[Input material]
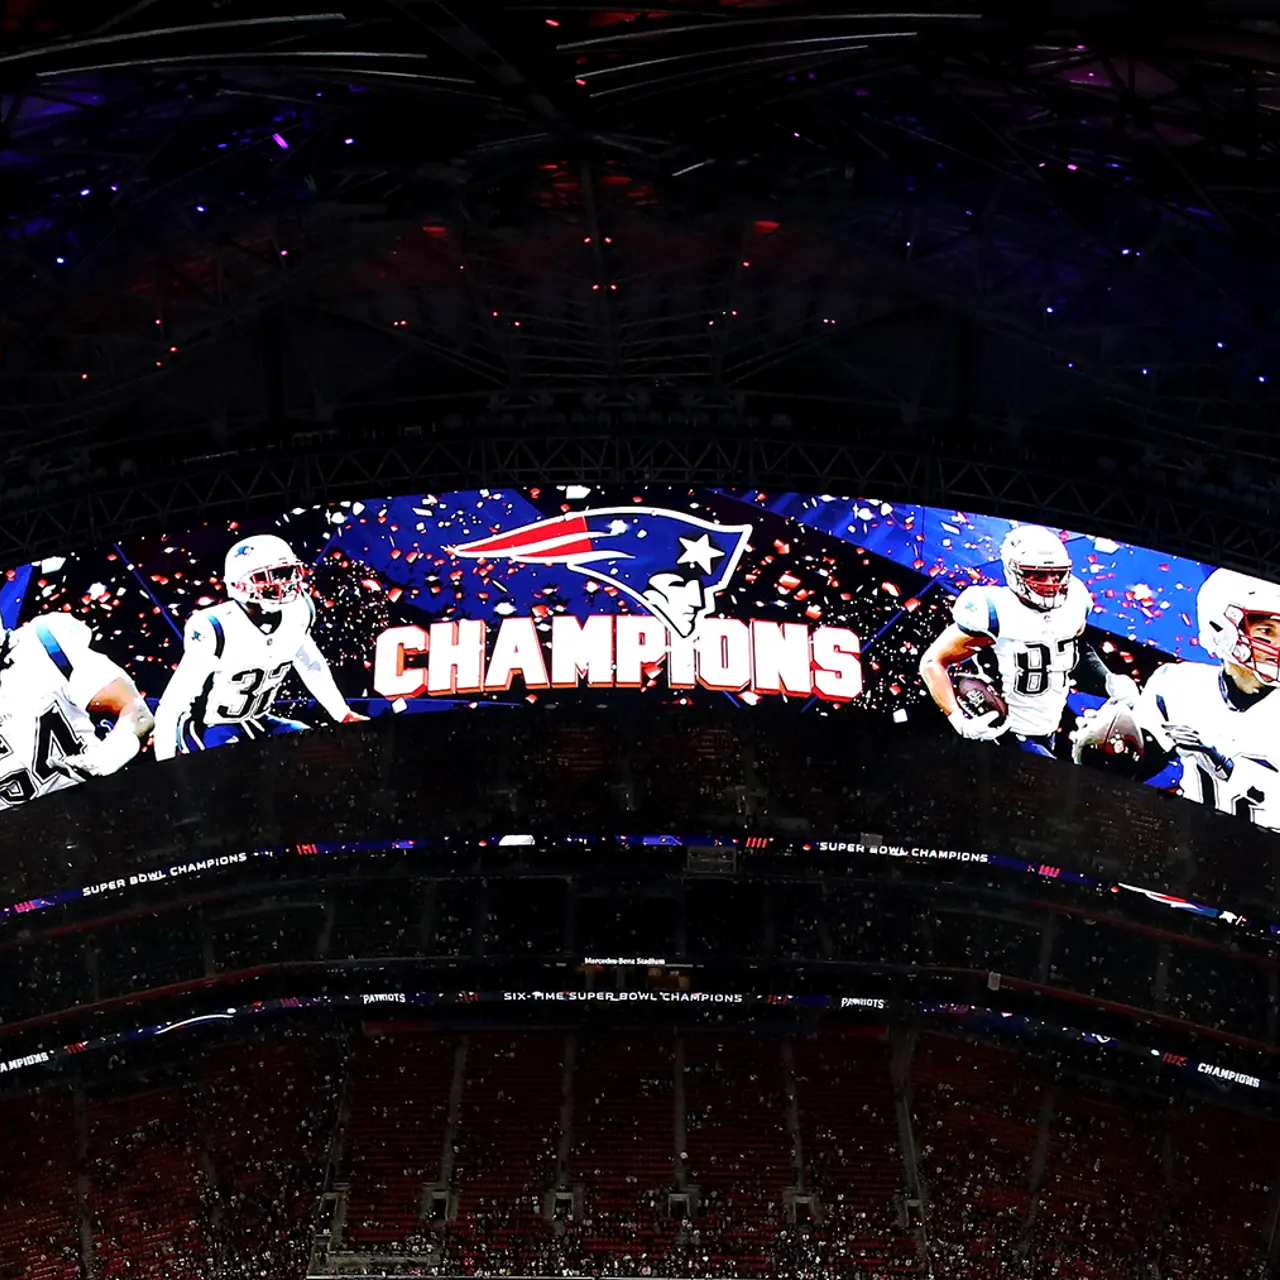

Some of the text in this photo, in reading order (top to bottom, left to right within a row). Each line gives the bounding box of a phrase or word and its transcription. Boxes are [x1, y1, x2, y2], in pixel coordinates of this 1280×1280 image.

[373, 613, 864, 701] CHAMPIONS
[819, 842, 988, 863] SUPER BOWL CHAMPIONS
[82, 852, 248, 896] SUPER BOWL CHAMPIONS
[636, 957, 665, 965] Stadium
[363, 993, 406, 1005] PATRIOTS
[503, 991, 743, 1003] SIX-TIME SUPER BOWL CHAMPIONS
[841, 997, 884, 1009] PATRIOTS
[1197, 1062, 1260, 1088] CHAMPIONS
[/Input material]
**Required action**: This exercise asks for the data above to be given again exactly, without pictures.

**Answer below**:
Some of the text in this photo, in reading order (top to bottom, left to right within a row). Each line gives the bounding box of a phrase or word and its transcription. Boxes are [x1, y1, x2, y2], in pixel coordinates of this 1280×1280 image.

[373, 613, 864, 701] CHAMPIONS
[819, 842, 988, 863] SUPER BOWL CHAMPIONS
[82, 852, 248, 896] SUPER BOWL CHAMPIONS
[636, 957, 665, 965] Stadium
[363, 993, 406, 1005] PATRIOTS
[503, 991, 743, 1003] SIX-TIME SUPER BOWL CHAMPIONS
[841, 997, 884, 1009] PATRIOTS
[1197, 1062, 1260, 1088] CHAMPIONS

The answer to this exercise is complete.